__TASK STATEMENT__:
Copy all the data exactly, except the pictures.

=====

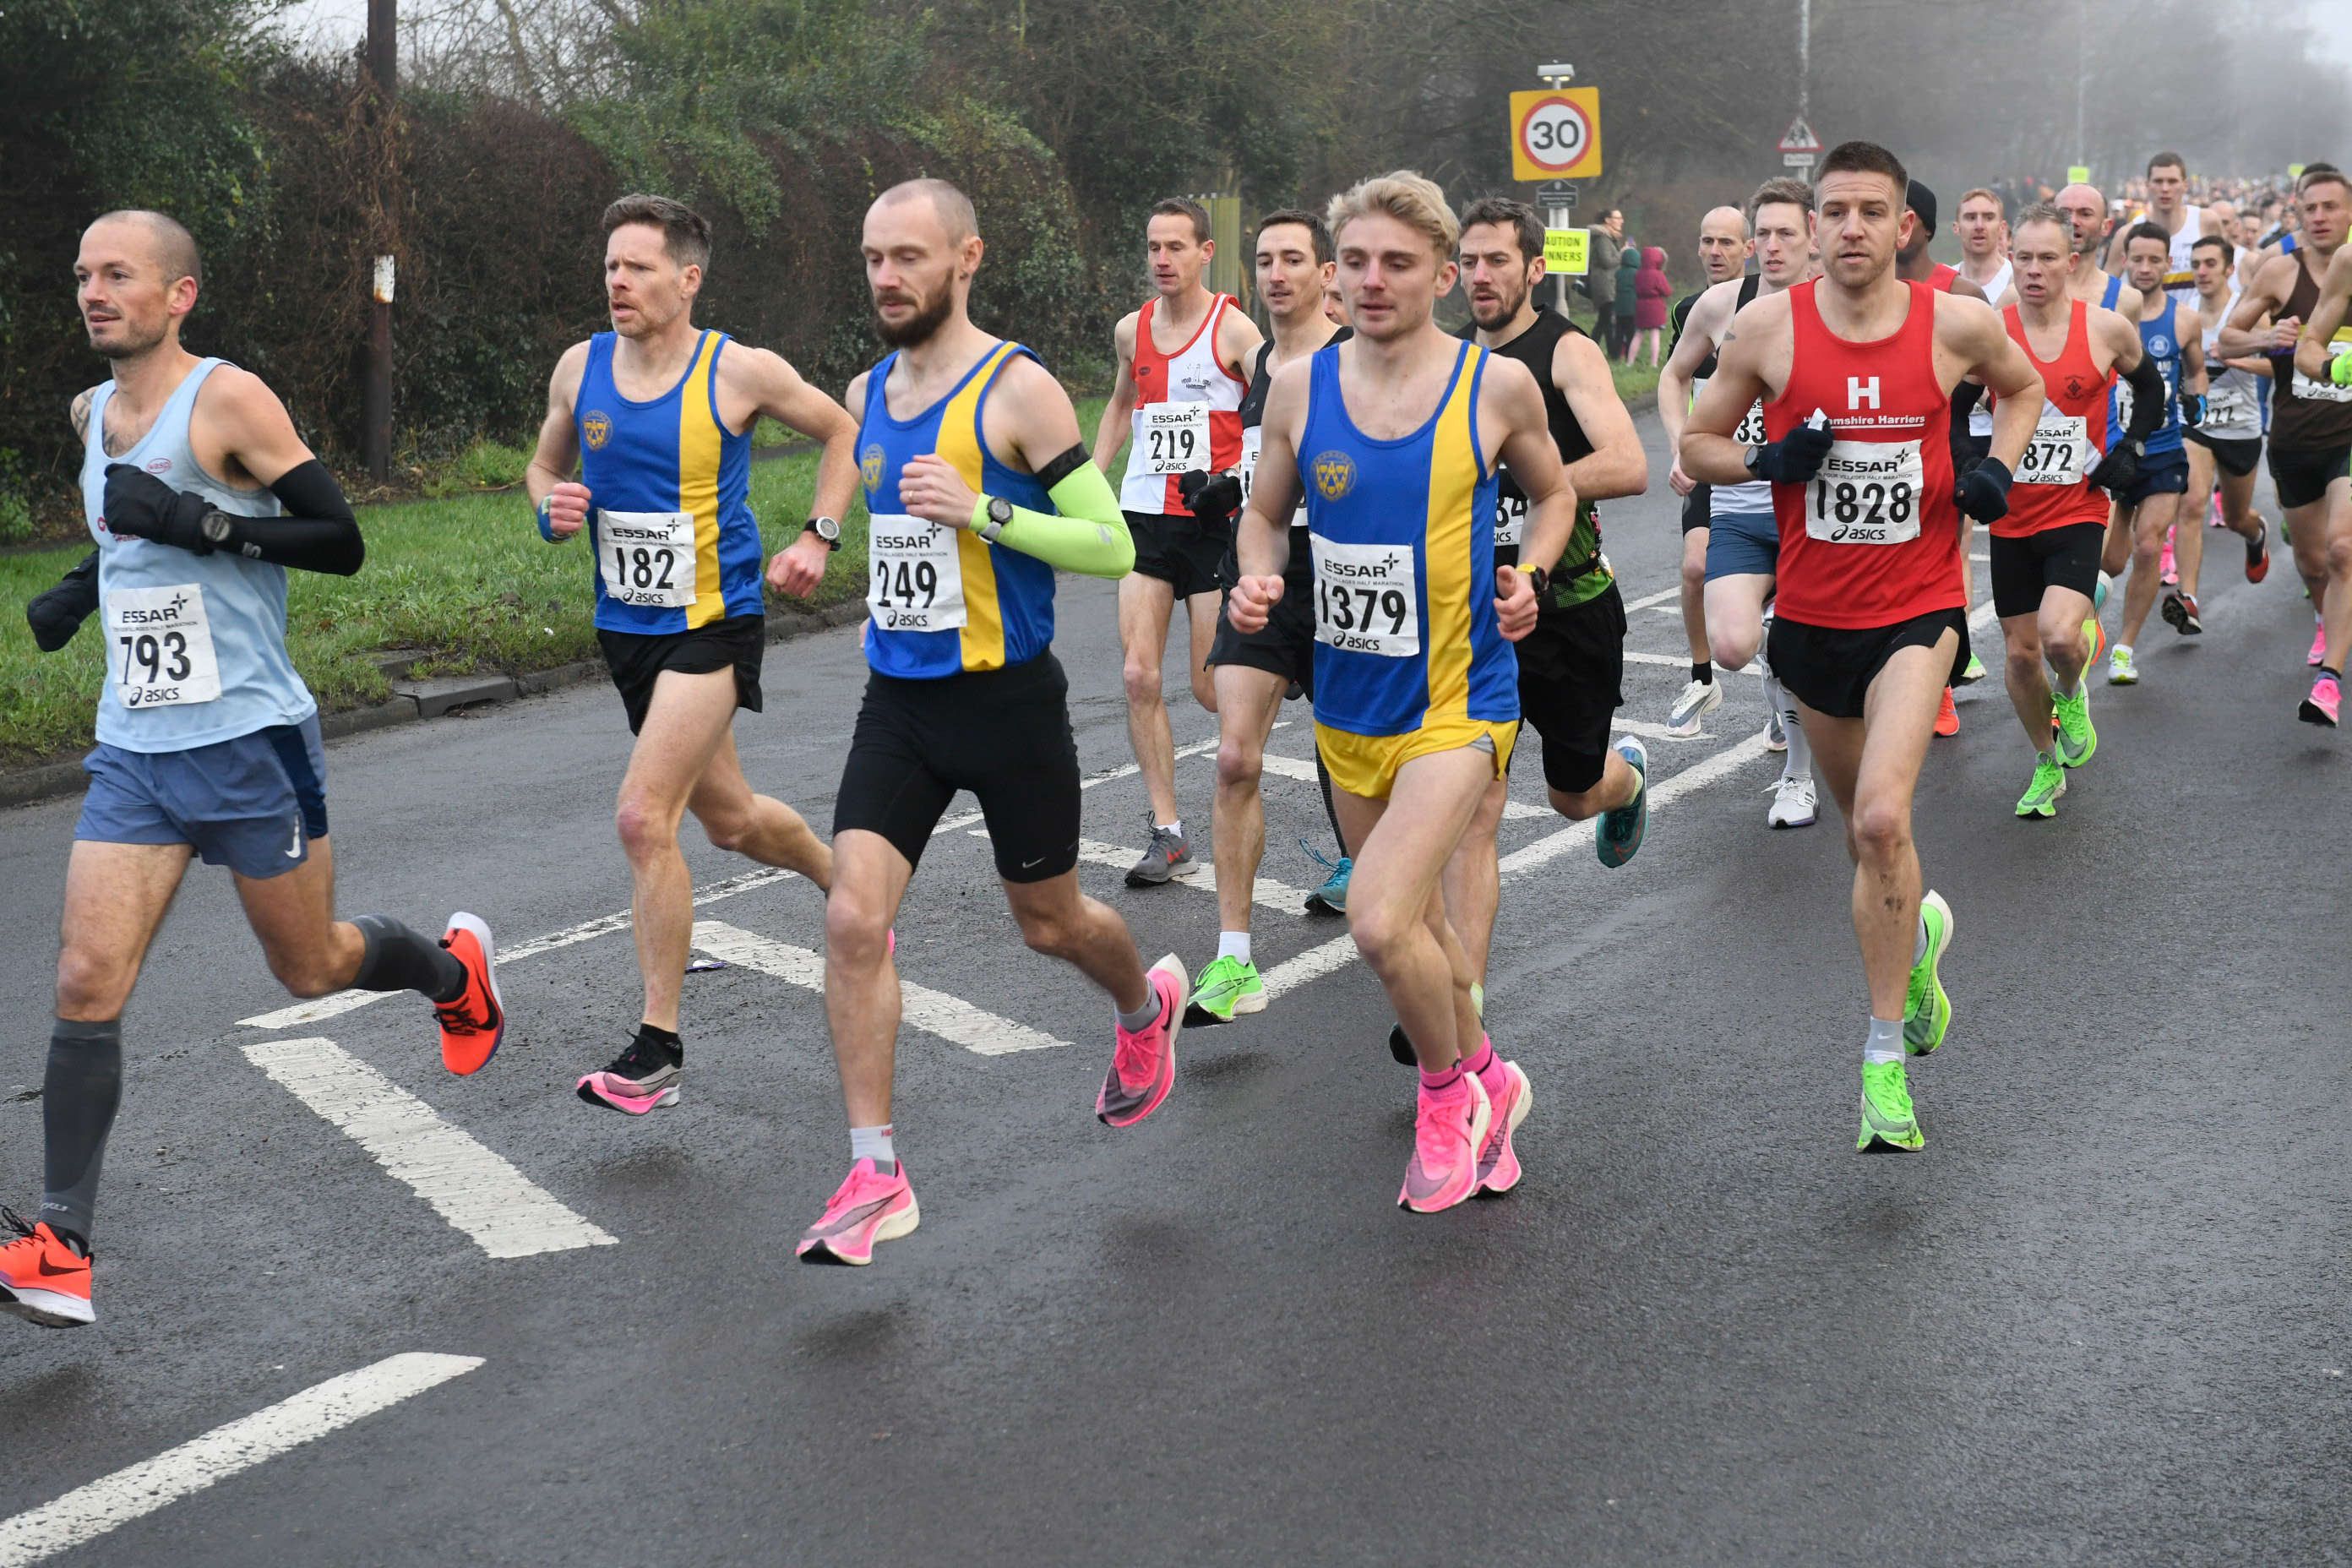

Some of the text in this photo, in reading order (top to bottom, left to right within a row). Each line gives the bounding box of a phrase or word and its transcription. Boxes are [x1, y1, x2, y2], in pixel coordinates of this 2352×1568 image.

[1532, 119, 1579, 150] 30
[1545, 237, 1580, 247] AUTION
[1544, 252, 1582, 262] NNERS
[1847, 376, 1881, 410] H
[1152, 414, 1193, 423] ESSAR
[1878, 414, 1925, 424] Harriers
[1737, 416, 1768, 444] 33
[1150, 428, 1195, 460] 219
[1827, 458, 1898, 473] ESSAR
[1817, 479, 1912, 524] 1828
[612, 527, 670, 541] ESSAR
[876, 535, 931, 549] ESSAR
[1494, 531, 1511, 543] ICS
[616, 547, 674, 589] 182
[1324, 558, 1387, 578] ESSAR
[877, 560, 937, 608] 249
[122, 607, 179, 623] ESSAR
[1321, 578, 1406, 635] 1379
[120, 631, 191, 685] 793
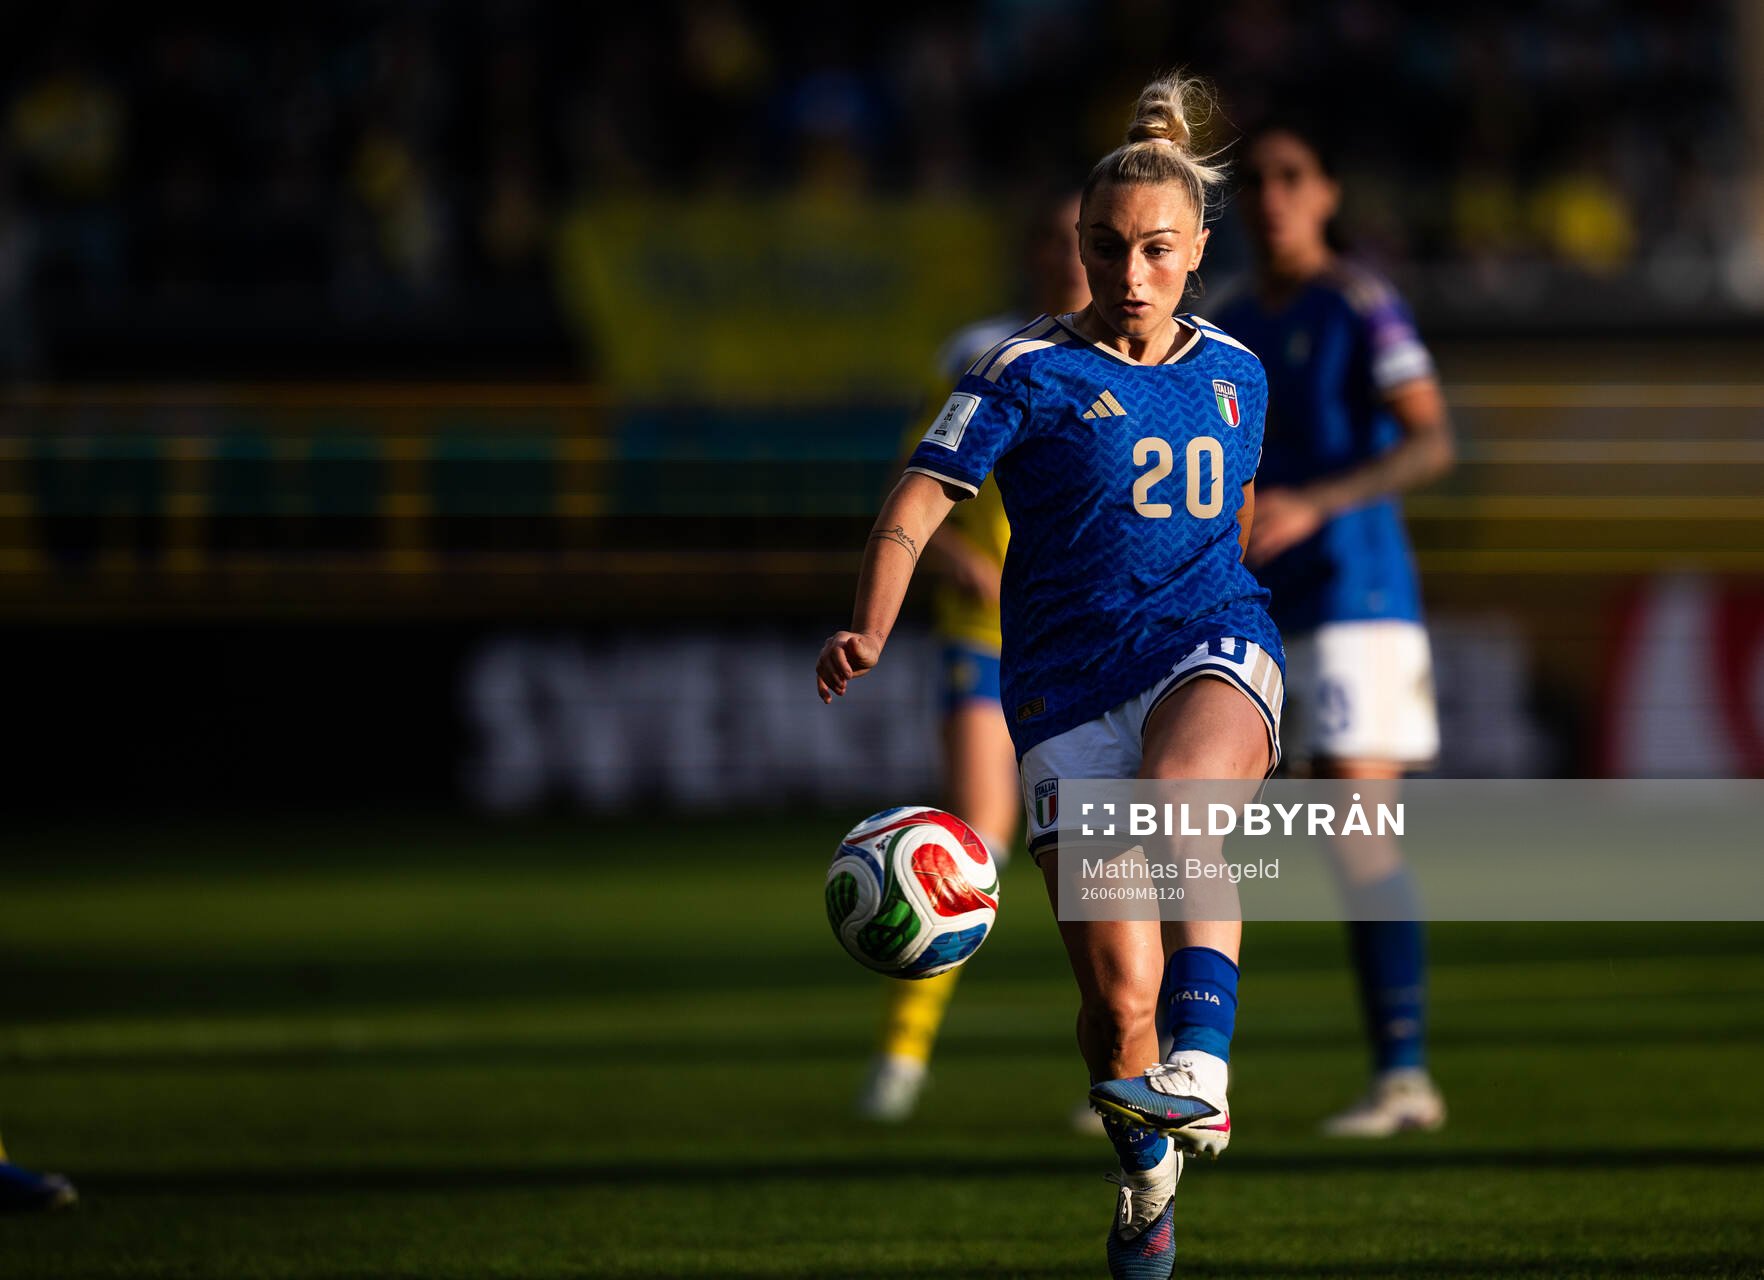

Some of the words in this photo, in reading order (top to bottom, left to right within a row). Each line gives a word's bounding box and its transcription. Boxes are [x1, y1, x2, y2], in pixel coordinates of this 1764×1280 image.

[1214, 382, 1236, 396] ITALIA
[1132, 436, 1224, 519] 20
[1035, 780, 1057, 796] ITALIA
[1170, 990, 1220, 1006] ITALIA
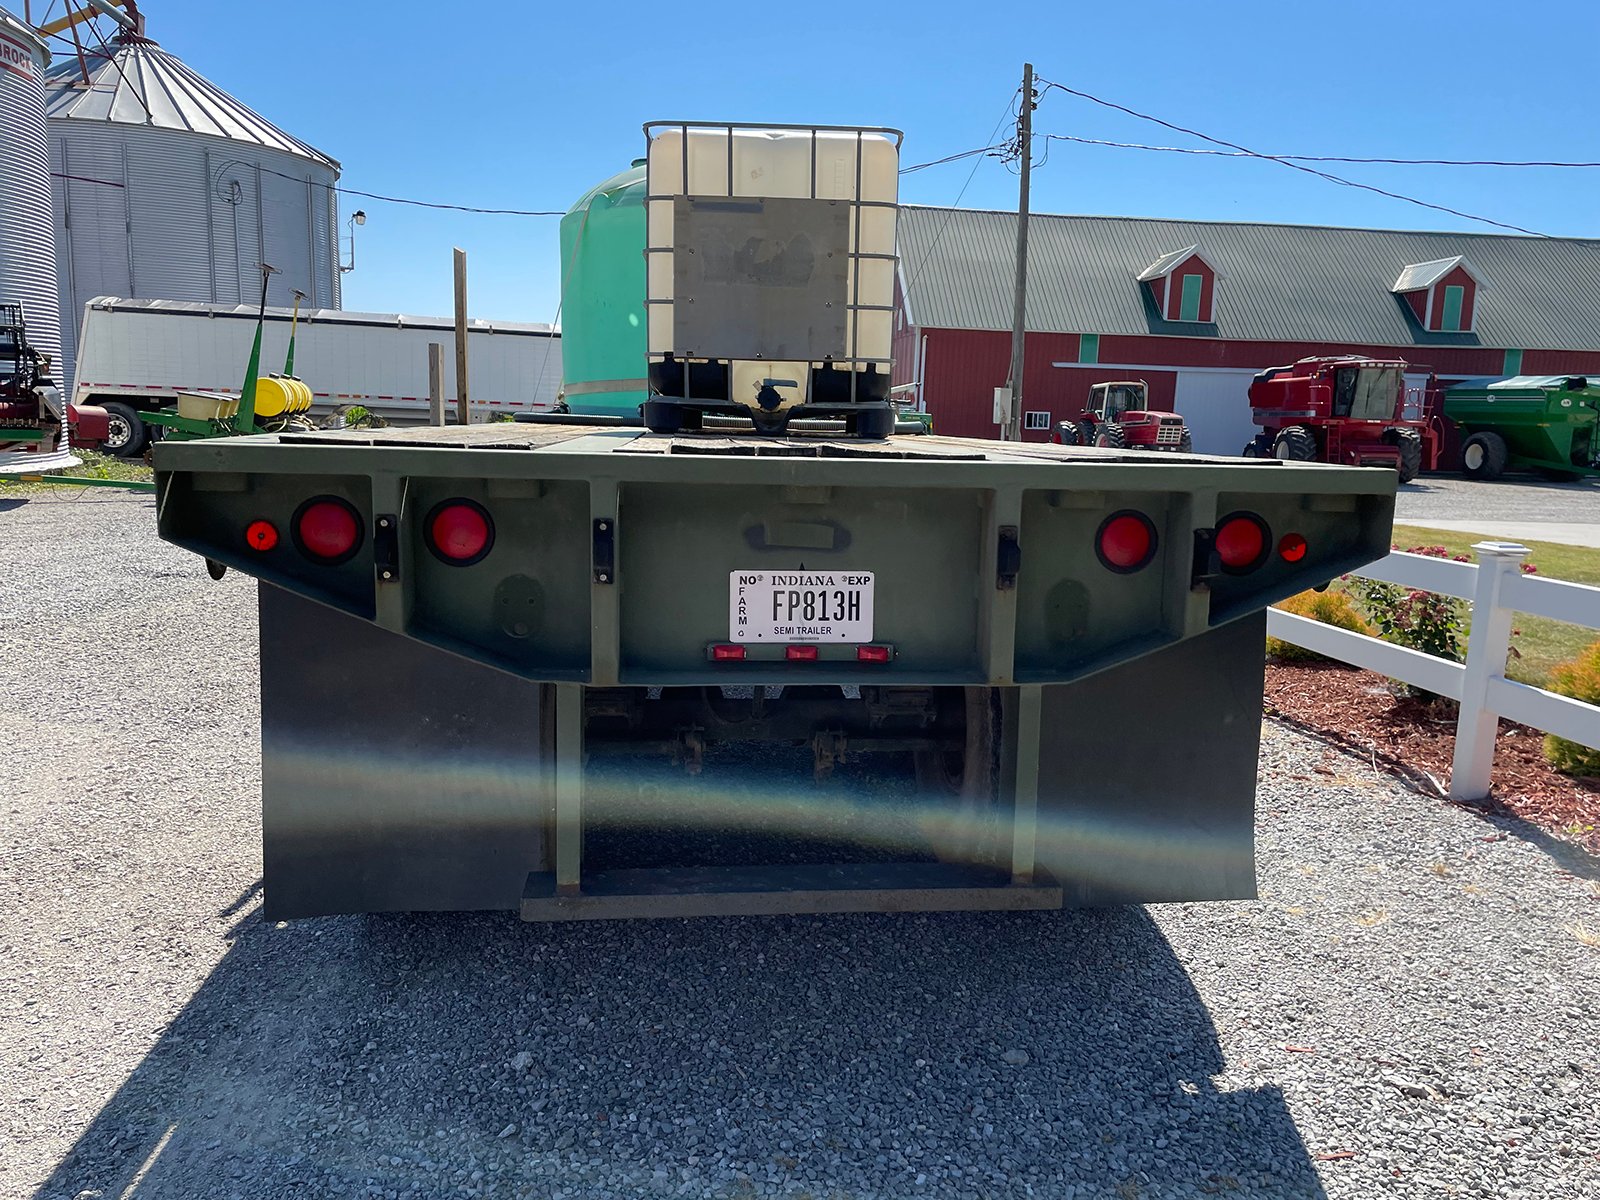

=====

__ANSWER FOR THIS EXERCISE__:
Some of the text in this photo, in reading order (top to bottom, left to right within a row). Each line gives the bounding box of a phrase or word and its transcription. Boxes are [x1, y1, x2, y2], in pixel coordinates of this 2352×1568 image.

[1532, 119, 1579, 150] 30
[1545, 237, 1580, 247] AUTION
[1544, 252, 1582, 262] NNERS
[1847, 376, 1881, 410] H
[1152, 414, 1193, 423] ESSAR
[1878, 414, 1925, 424] Harriers
[1737, 416, 1768, 444] 33
[1150, 428, 1195, 460] 219
[1827, 458, 1898, 473] ESSAR
[1817, 479, 1912, 524] 1828
[612, 527, 670, 541] ESSAR
[876, 535, 931, 549] ESSAR
[1494, 531, 1511, 543] ICS
[616, 547, 674, 589] 182
[1324, 558, 1387, 578] ESSAR
[877, 560, 937, 608] 249
[122, 607, 179, 623] ESSAR
[1321, 578, 1406, 635] 1379
[120, 631, 191, 685] 793

Some of the words in this photo, in reading order (top to bottom, left to right within a row). Each line gives a word's bounding box and its transcription. Boxes are [x1, y1, x2, y2], in pixel coordinates of this 1764×1280 image.

[1214, 382, 1236, 396] ITALIA
[1132, 436, 1224, 519] 20
[1035, 780, 1057, 796] ITALIA
[1170, 990, 1220, 1006] ITALIA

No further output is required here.